The Stranger has no time to explain. Christmas is coming tomorrow, he says, and worse yet, he's running late and lost his mittens and hasn't even gotten a fir tree yet! Moomin shouts after him to learn why he needs a fir tree, but the fellow has gotten too far away to hear him.
All of the noise has woken Moominpapa, who asks what the hubbub is about. Moomintroll explains that Christmas is coming and apparently--get this--they can't go back to sleep until they get a fir tree for him.
"Have you been into the schnapps, son?"
So, Moominpappa wakes Moominmamma, and now the menfolk head out into the forest to pick out a fir tree, ostensibly to protect themselves against "This Christmas person."

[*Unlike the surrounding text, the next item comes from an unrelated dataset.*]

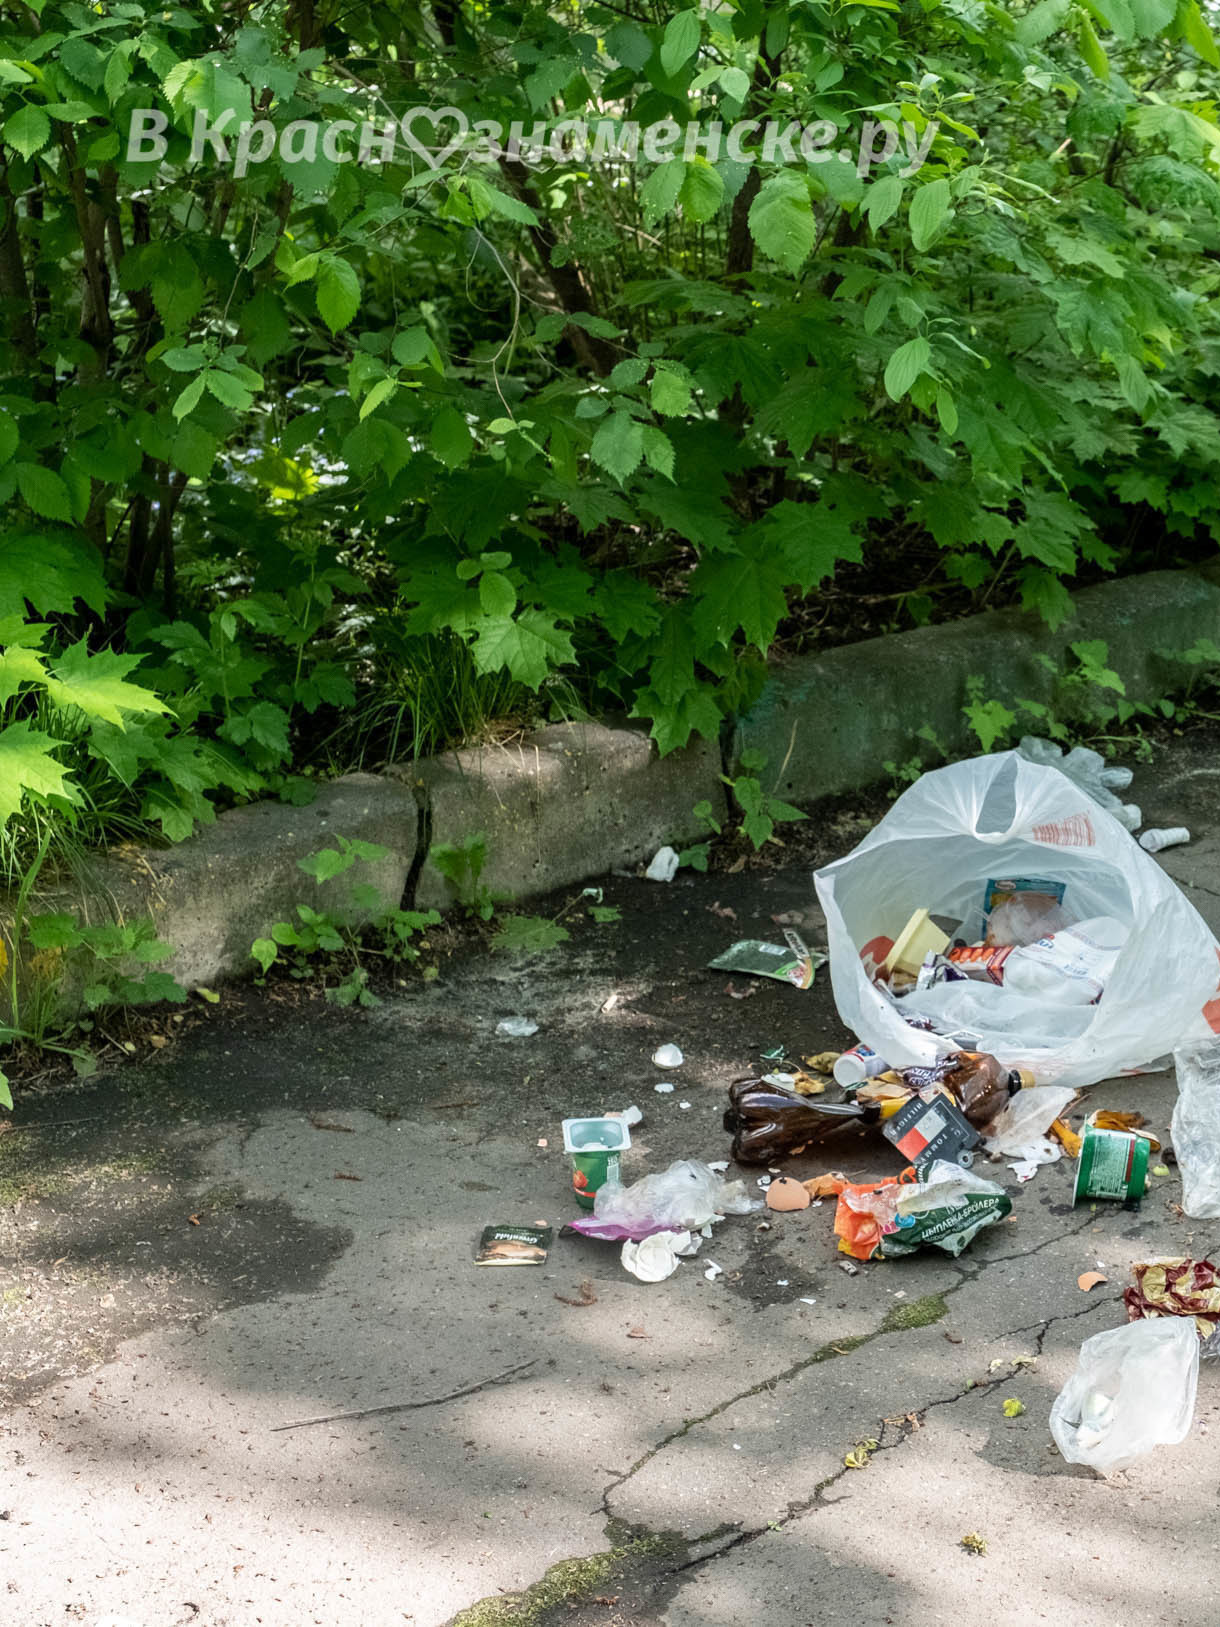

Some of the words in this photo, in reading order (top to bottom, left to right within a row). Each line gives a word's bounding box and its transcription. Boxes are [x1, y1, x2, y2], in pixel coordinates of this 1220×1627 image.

[888, 1101, 924, 1137] HILFIGER
[919, 1132, 948, 1162] TOMMY
[494, 1232, 538, 1244] Greenfield

As they drag a magnificent pine back to their home they run into a neighbor, weighed down with shopping bags full of groceries. She compliments them on the fine tree they've picked out, but when Moominpapa nesciently asks her to tell him what they're supposed to do with it, she laughs it off as a joke, even commenting on how he can keep such a perfectly straight face while asking such a patently absurd thing. Before he can explain that he really is quite in the dark about it, she hurries off, saying she has a lot of cooking to do.
"Is this a top hat or a dunce cap?"
Back at Moomin house Moominmama is at it again, treating a wayfaring stranger to a bit of rest and a nice hot cup of tea. Snork Maiden comes running down the steps to announce that she's just seen Moominpapa and Moonintroll dragging home a great big fir tree, and Moominmama, befuddled, asks "But what is one supposed to do with it?"

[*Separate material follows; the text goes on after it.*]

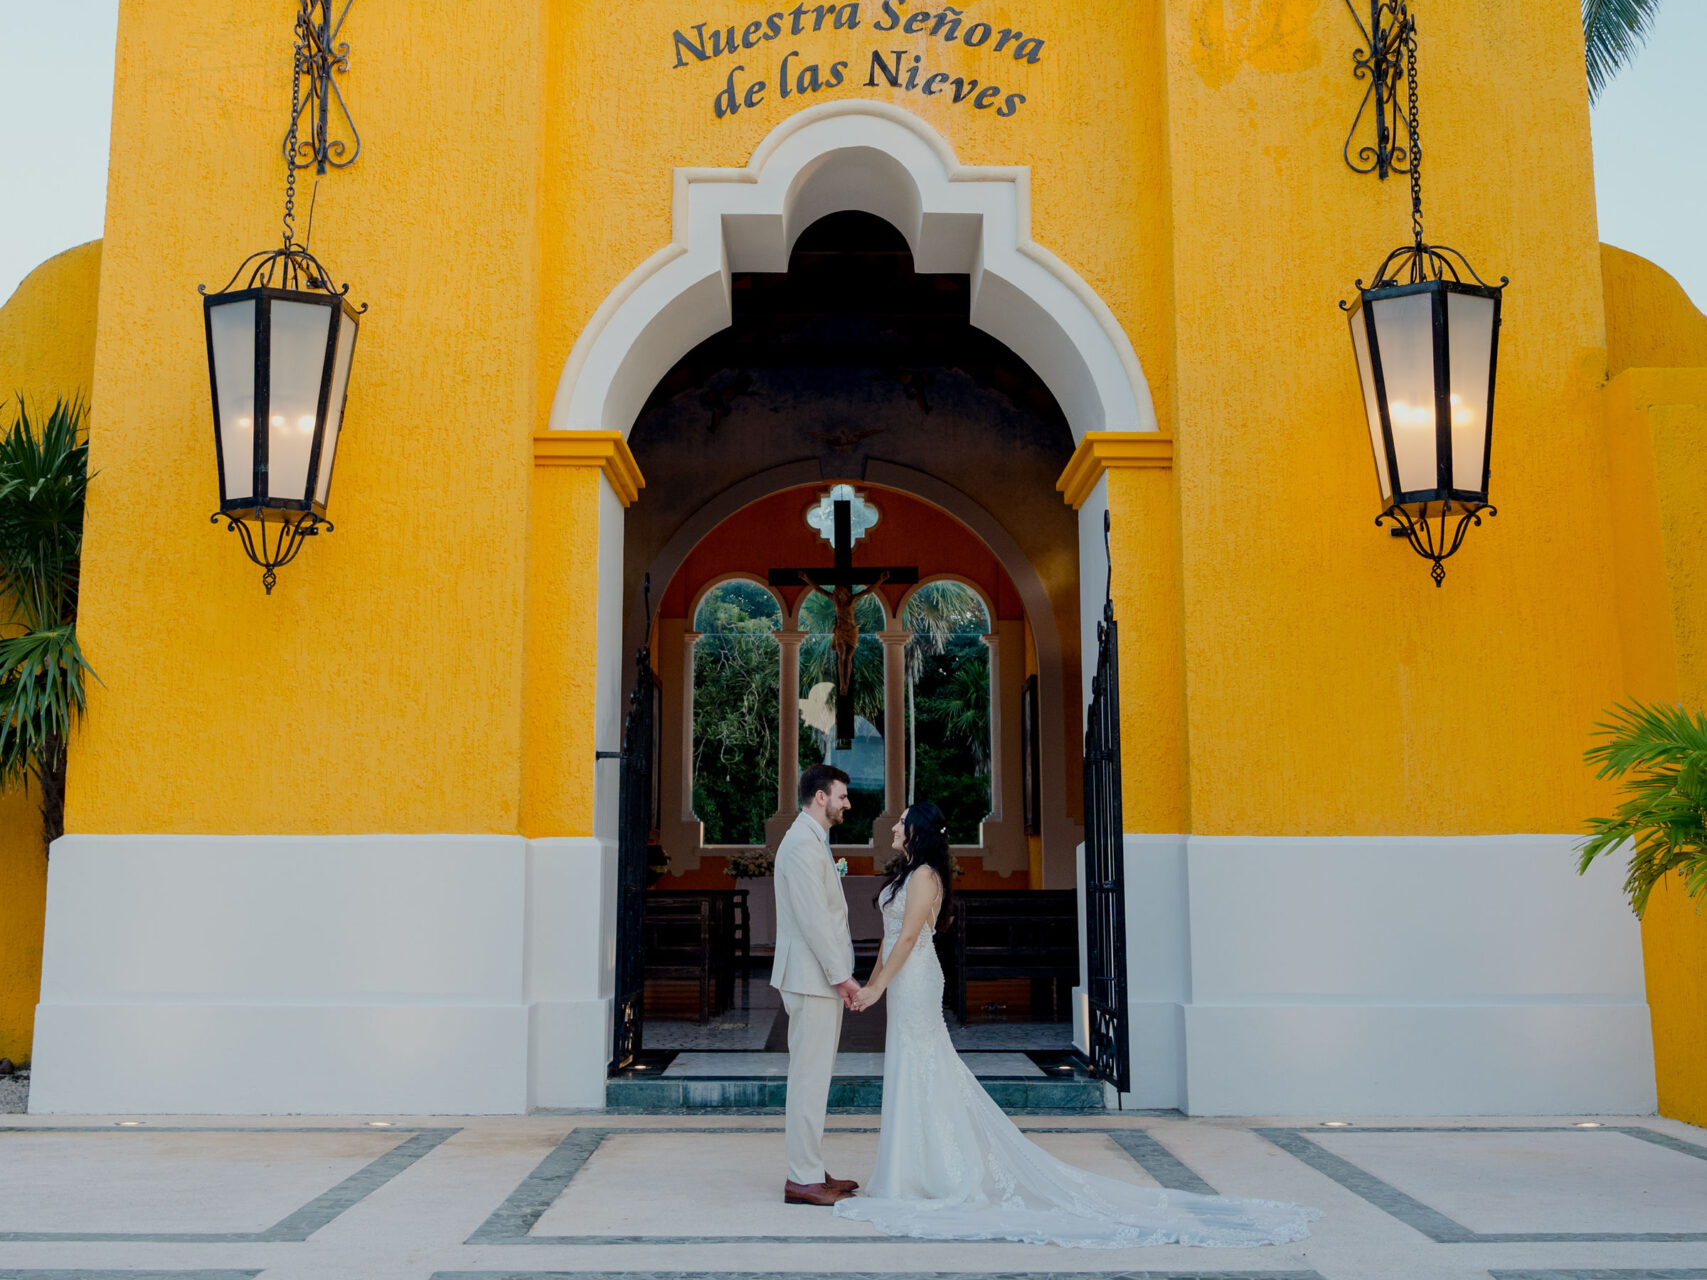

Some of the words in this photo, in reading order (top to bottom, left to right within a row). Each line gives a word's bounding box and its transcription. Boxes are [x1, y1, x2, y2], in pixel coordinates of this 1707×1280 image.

[672, 2, 861, 69] Nuestra
[713, 65, 767, 120] de
[779, 50, 849, 99] las
[863, 49, 1027, 118] Nieves

The little Traveller tells them they should decorate it as beautifully as they can, of course, then he schleps off across the wastes to get to his own home before the holiday begins.
So now they know they're supposed to decorate the tree, but not why it's even a thing. They reason that if Christmas is some kind of monster, perhaps decorating the tree is to keep him happy. To make things even more confusing, Moominpapa shares that the word on the street is when Christmas is coming you're also expected to cook lots of food. Moominmama surmises that maybe you have to feed Christmas so he won't try to eat you!
So, the Moomin family sets up the tree in front of their house and begins decorating it with teapots, strings of pink and blue pearls, colorful cloth, pots, pans and tchotchkes all and sundry. Moominpapa finds a beautiful rose and puts it at the top to complete their yuletide masterpiece.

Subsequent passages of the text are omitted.